=== INSTRUCTIONS TO FOLLOW ===
Could you write out the records below exactly as they appear, leaving out any pictures?

━━━━

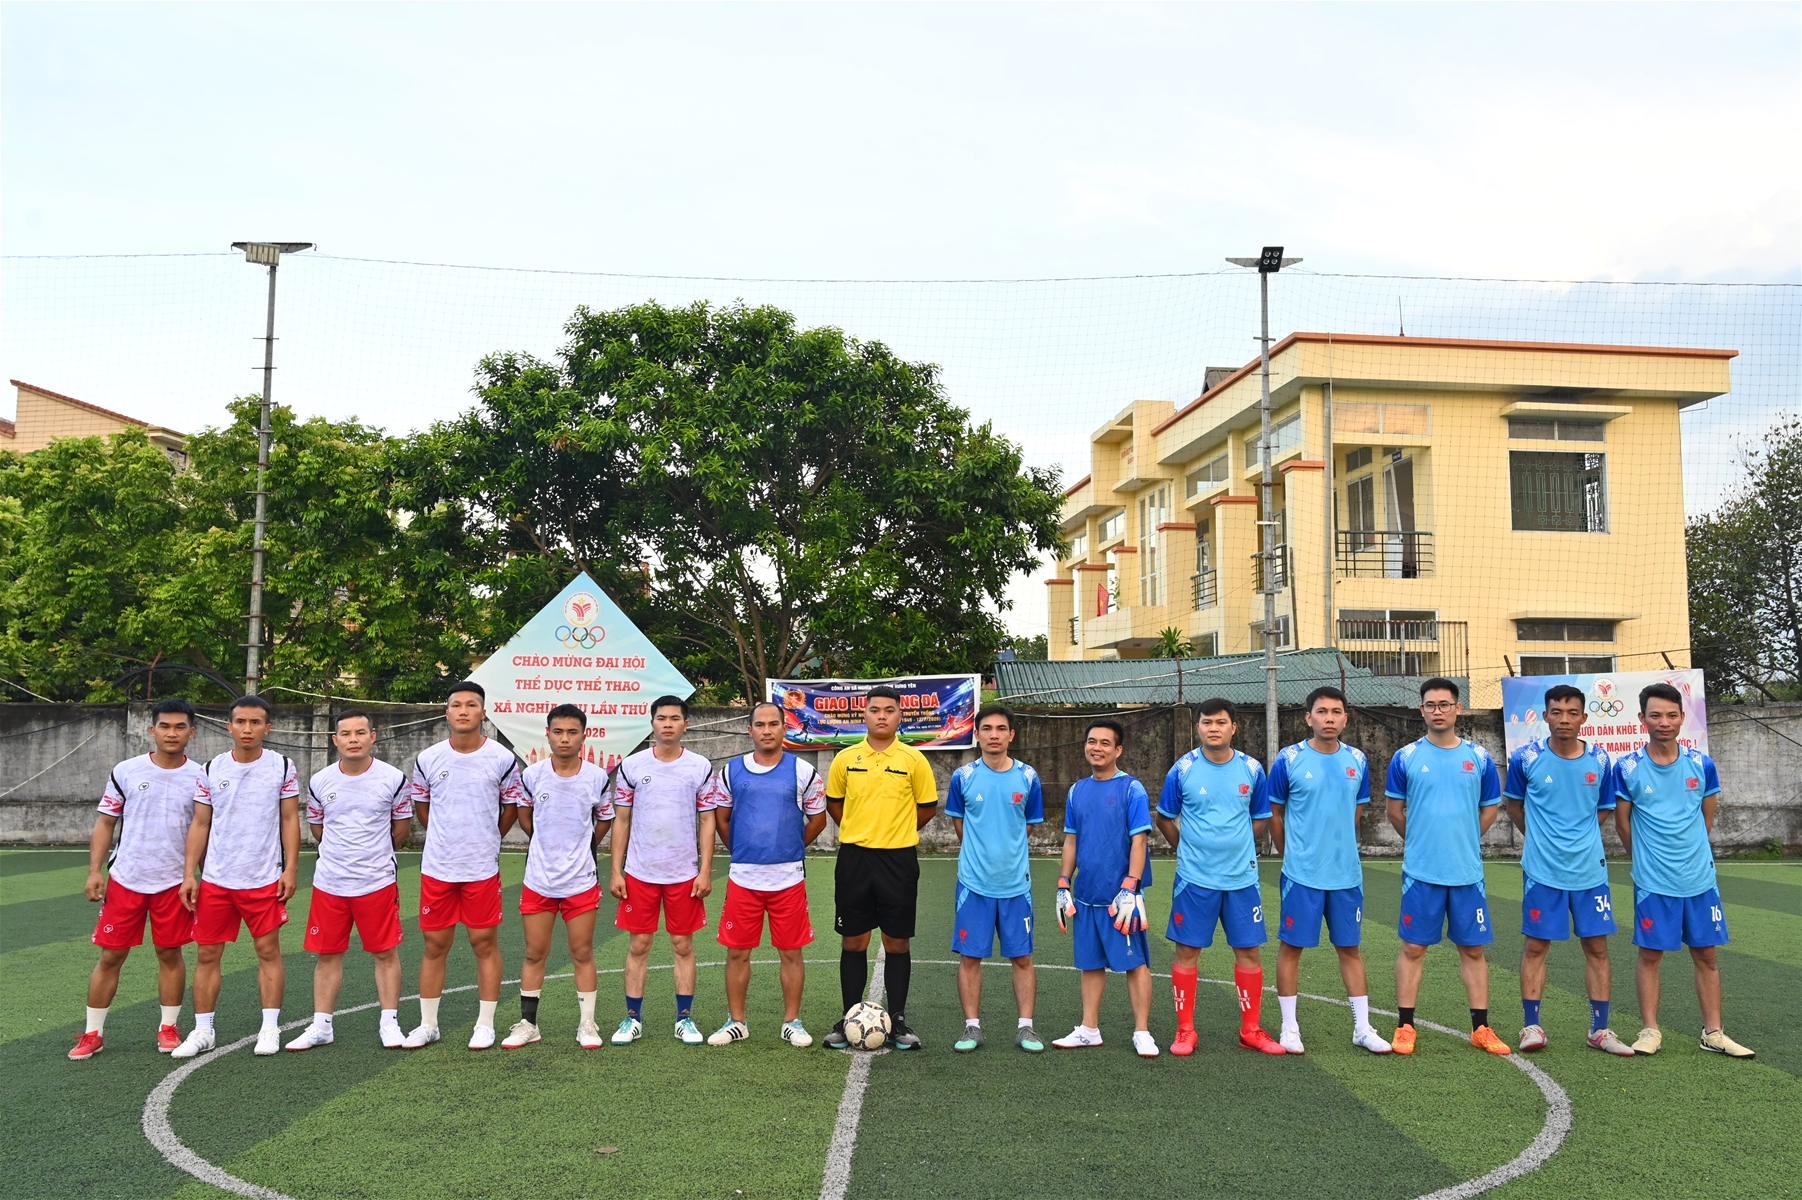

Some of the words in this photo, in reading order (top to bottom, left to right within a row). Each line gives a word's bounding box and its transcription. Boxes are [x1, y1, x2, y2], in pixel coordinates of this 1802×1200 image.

[512, 653, 550, 667] CHÀO
[552, 653, 593, 668] MỪNG
[595, 657, 620, 670] ĐẠI
[622, 655, 646, 671] HỘI
[515, 674, 541, 690] THỂ
[544, 680, 573, 693] DỤC
[576, 675, 602, 691] THỂ
[605, 681, 640, 691] THAO
[493, 700, 512, 713] XÃ
[591, 699, 618, 715] LẦN
[621, 701, 648, 715] THỨ
[814, 697, 848, 711] GIAO
[851, 696, 867, 711] LƯ
[900, 694, 920, 709] NG
[921, 692, 940, 708] ĐÁ
[585, 727, 605, 738] 026
[1577, 724, 1595, 736] ƯỜI
[1597, 723, 1614, 736] DÂN
[1607, 742, 1631, 754] MẠNH
[1594, 895, 1610, 912] 34
[1476, 908, 1484, 923] 8
[1711, 905, 1722, 921] 16

━━━━

=== EXERCISE SOLUTION ===
Some of the words in this photo, in reading order (top to bottom, left to right within a row). Each line gives a word's bounding box and its transcription. Boxes are [x1, y1, x2, y2], in pixel coordinates of this 1802×1200 image.

[512, 653, 550, 667] CHÀO
[552, 653, 593, 668] MỪNG
[595, 657, 620, 670] ĐẠI
[622, 655, 646, 671] HỘI
[515, 674, 541, 690] THỂ
[544, 680, 573, 693] DỤC
[576, 675, 602, 691] THỂ
[605, 681, 640, 691] THAO
[493, 700, 512, 713] XÃ
[591, 699, 618, 715] LẦN
[621, 701, 648, 715] THỨ
[814, 697, 848, 711] GIAO
[851, 696, 867, 711] LƯ
[900, 694, 920, 709] NG
[921, 692, 940, 708] ĐÁ
[585, 727, 605, 738] 026
[1577, 724, 1595, 736] ƯỜI
[1597, 723, 1614, 736] DÂN
[1607, 742, 1631, 754] MẠNH
[1594, 895, 1610, 912] 34
[1476, 908, 1484, 923] 8
[1711, 905, 1722, 921] 16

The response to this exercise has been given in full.